Segment Open
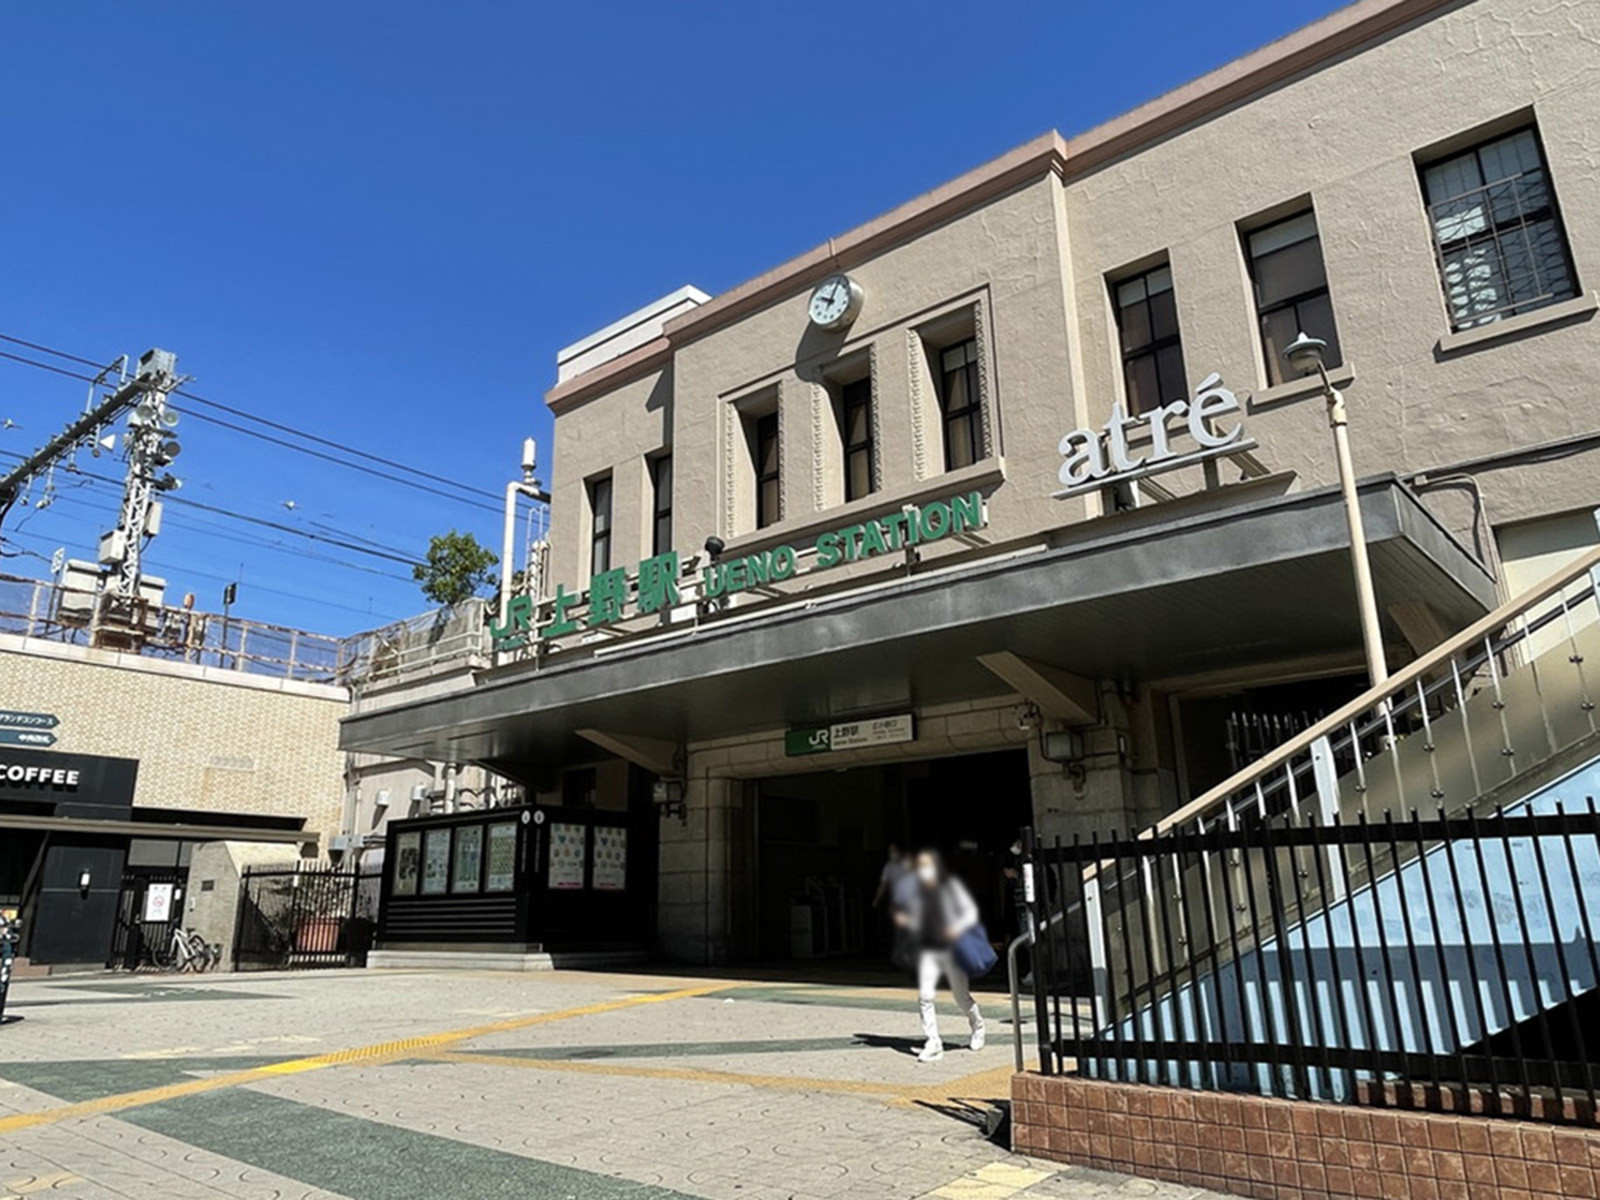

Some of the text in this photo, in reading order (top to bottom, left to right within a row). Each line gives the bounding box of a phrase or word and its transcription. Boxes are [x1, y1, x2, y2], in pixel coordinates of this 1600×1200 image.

[1058, 372, 1243, 486] atré
[704, 491, 983, 598] UENO STATION
[808, 729, 829, 746] JR
[0, 764, 80, 785] COFFEE
Segment Closed
Return all the material exactly, pictures excluded.

Some of the text in this photo, in reading order (top to bottom, left to right within a row). Each line gives the bounding box of a phrase or word and its transcription. Boxes are [x1, y1, x2, y2], in pixel coordinates of this 1600×1200 image.

[1058, 372, 1243, 486] atré
[704, 491, 983, 598] UENO STATION
[808, 729, 829, 746] JR
[0, 764, 80, 785] COFFEE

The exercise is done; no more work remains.